▶ **DATASET CONTENT**:

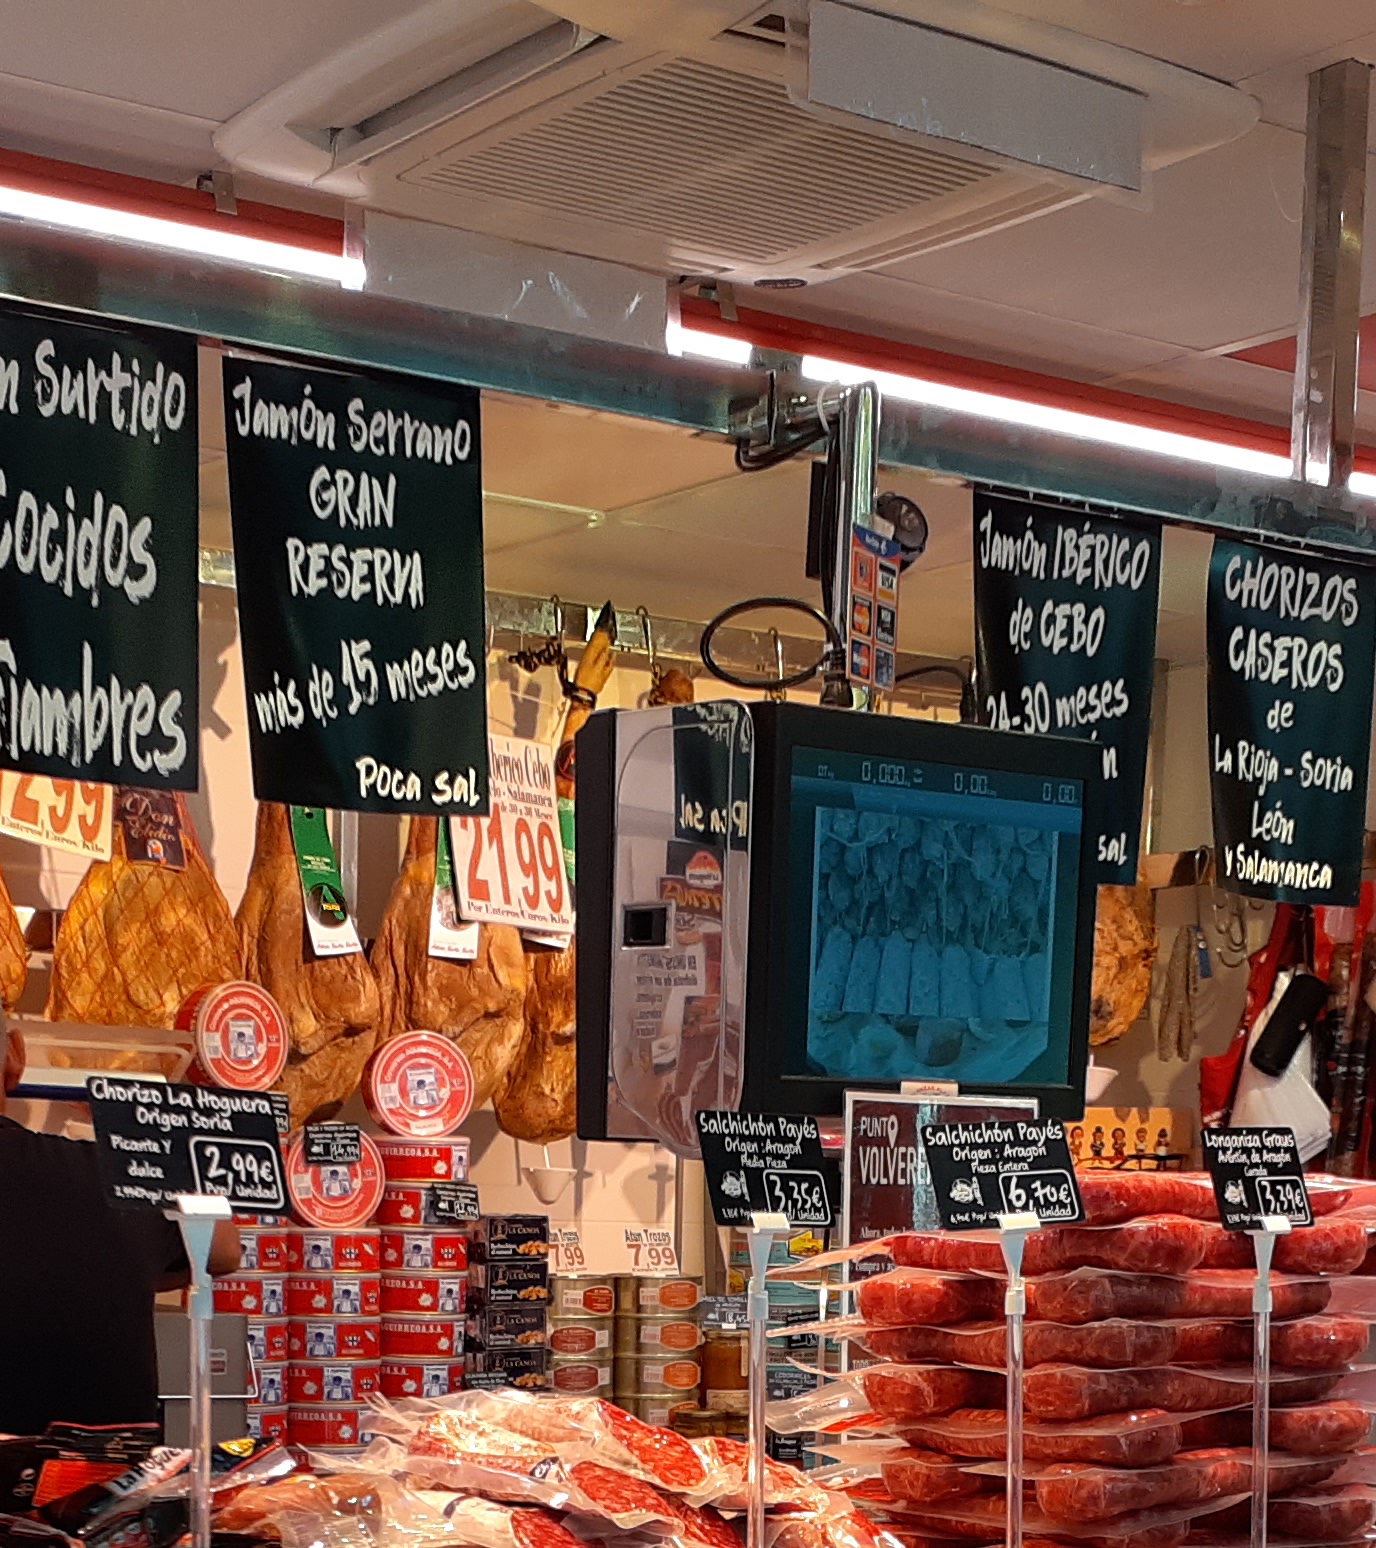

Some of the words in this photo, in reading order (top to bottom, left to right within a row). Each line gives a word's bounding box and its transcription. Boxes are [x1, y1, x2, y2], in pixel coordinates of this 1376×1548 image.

[35, 338, 186, 443] Surtido
[233, 376, 337, 451] Jamón
[348, 397, 471, 466] Serrano
[310, 465, 397, 529] GRAN
[286, 537, 425, 609] RESERVA
[979, 509, 1047, 581] Jamón
[1053, 521, 1151, 591] IBÉRICO
[1225, 554, 1359, 627] CHORIZOS
[1009, 597, 1034, 655] de
[1040, 599, 1105, 659] CEBO
[308, 676, 338, 728] de
[340, 639, 379, 716] 15
[386, 640, 477, 703] meses
[1229, 625, 1345, 693] CASEROS
[1056, 677, 1130, 729] meses
[1266, 699, 1295, 733] de
[1214, 733, 1233, 775] La
[1238, 739, 1279, 796] Rioja
[1301, 750, 1355, 794] Soria
[1251, 800, 1295, 846] León
[1237, 842, 1333, 891] Salamanca
[92, 1078, 163, 1105] Chorizo
[167, 1085, 194, 1108] La
[197, 1088, 273, 1117] Hoguera
[700, 1112, 776, 1136] Salchichón
[778, 1116, 817, 1145] Payés
[926, 1122, 1013, 1147] Salchichón
[1017, 1119, 1063, 1145] Payés
[1204, 1131, 1262, 1153] Longaniza
[1262, 1131, 1295, 1149] Graus
[205, 1145, 274, 1184] 2,99€
[859, 1146, 931, 1186] VOLVERE
[769, 1174, 823, 1213] 3,35€
[1008, 1175, 1072, 1212] 6,70€
[1261, 1181, 1305, 1214] 3,39€
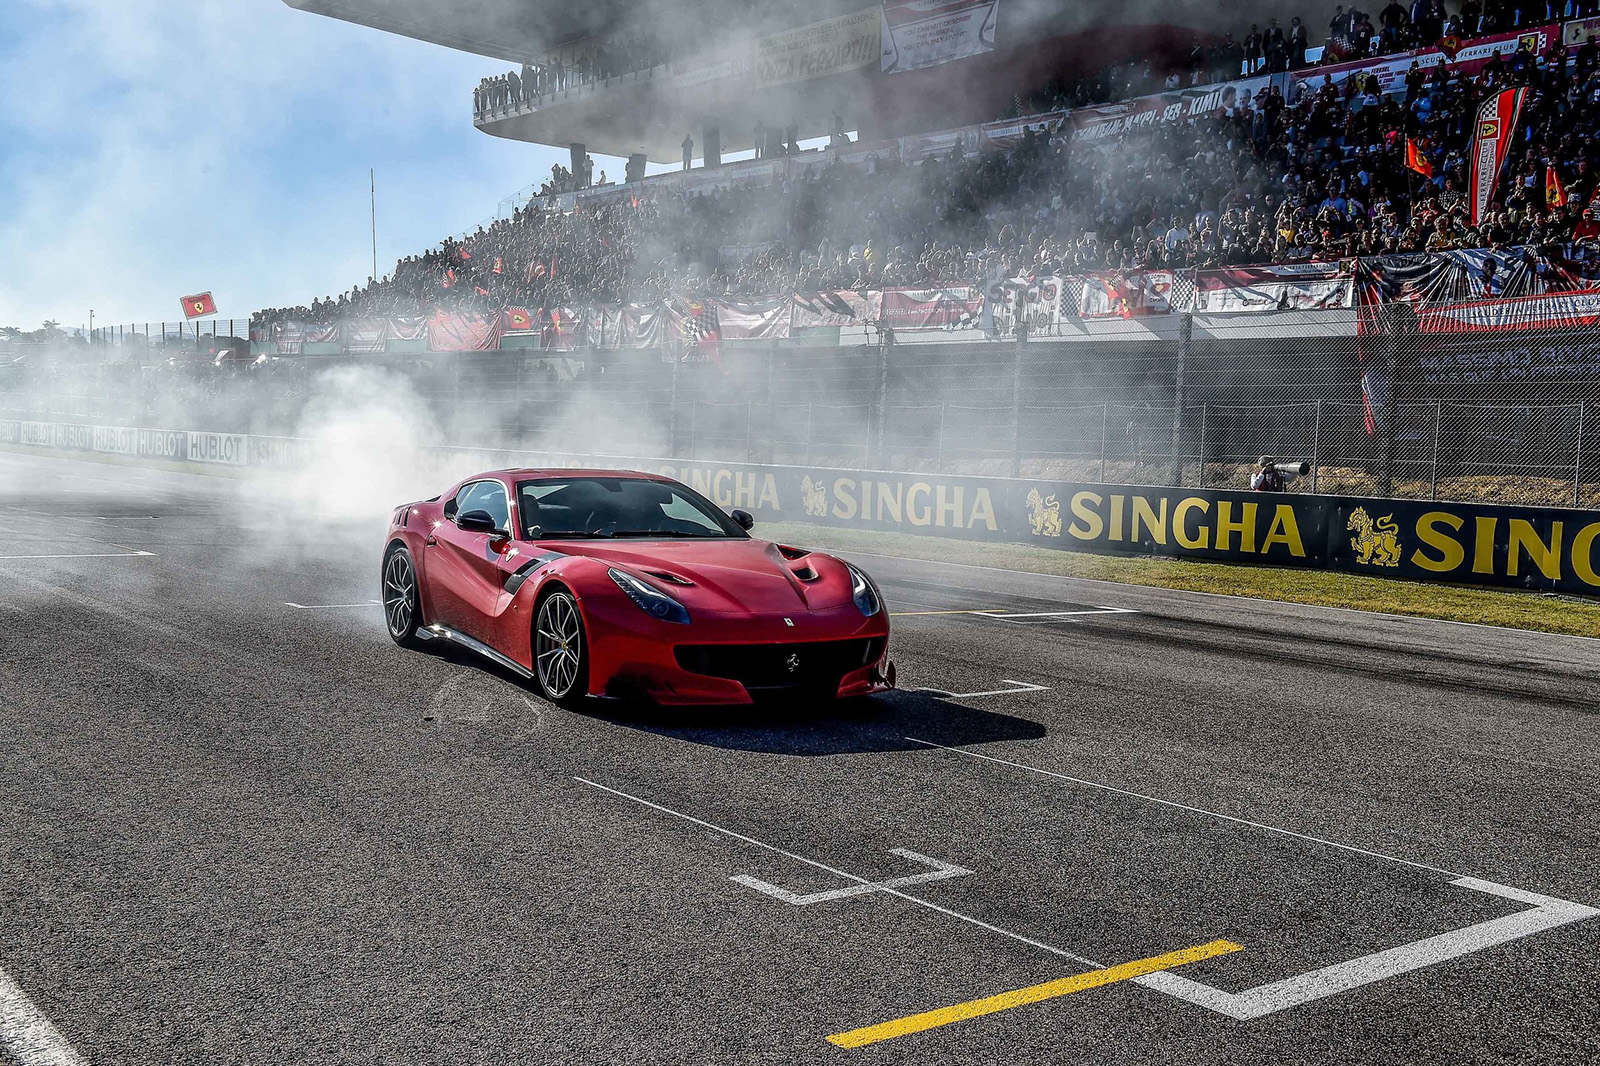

▶ **AIM OF THE EXERCISE**:
The records above should be returned exactly, with only their pictures held back.

▶ **RESULT FOR THIS EXERCISE**:
Some of the words in this photo, in reading order (top to bottom, left to right within a row). Each line gives a word's bounding box and its transcription. Boxes are [x1, y1, x2, y2], in pixel coordinates of this 1376×1548 image.

[35, 338, 186, 443] Surtido
[233, 376, 337, 451] Jamón
[348, 397, 471, 466] Serrano
[310, 465, 397, 529] GRAN
[286, 537, 425, 609] RESERVA
[979, 509, 1047, 581] Jamón
[1053, 521, 1151, 591] IBÉRICO
[1225, 554, 1359, 627] CHORIZOS
[1009, 597, 1034, 655] de
[1040, 599, 1105, 659] CEBO
[308, 676, 338, 728] de
[340, 639, 379, 716] 15
[386, 640, 477, 703] meses
[1229, 625, 1345, 693] CASEROS
[1056, 677, 1130, 729] meses
[1266, 699, 1295, 733] de
[1214, 733, 1233, 775] La
[1238, 739, 1279, 796] Rioja
[1301, 750, 1355, 794] Soria
[1251, 800, 1295, 846] León
[1237, 842, 1333, 891] Salamanca
[92, 1078, 163, 1105] Chorizo
[167, 1085, 194, 1108] La
[197, 1088, 273, 1117] Hoguera
[700, 1112, 776, 1136] Salchichón
[778, 1116, 817, 1145] Payés
[926, 1122, 1013, 1147] Salchichón
[1017, 1119, 1063, 1145] Payés
[1204, 1131, 1262, 1153] Longaniza
[1262, 1131, 1295, 1149] Graus
[205, 1145, 274, 1184] 2,99€
[859, 1146, 931, 1186] VOLVERE
[769, 1174, 823, 1213] 3,35€
[1008, 1175, 1072, 1212] 6,70€
[1261, 1181, 1305, 1214] 3,39€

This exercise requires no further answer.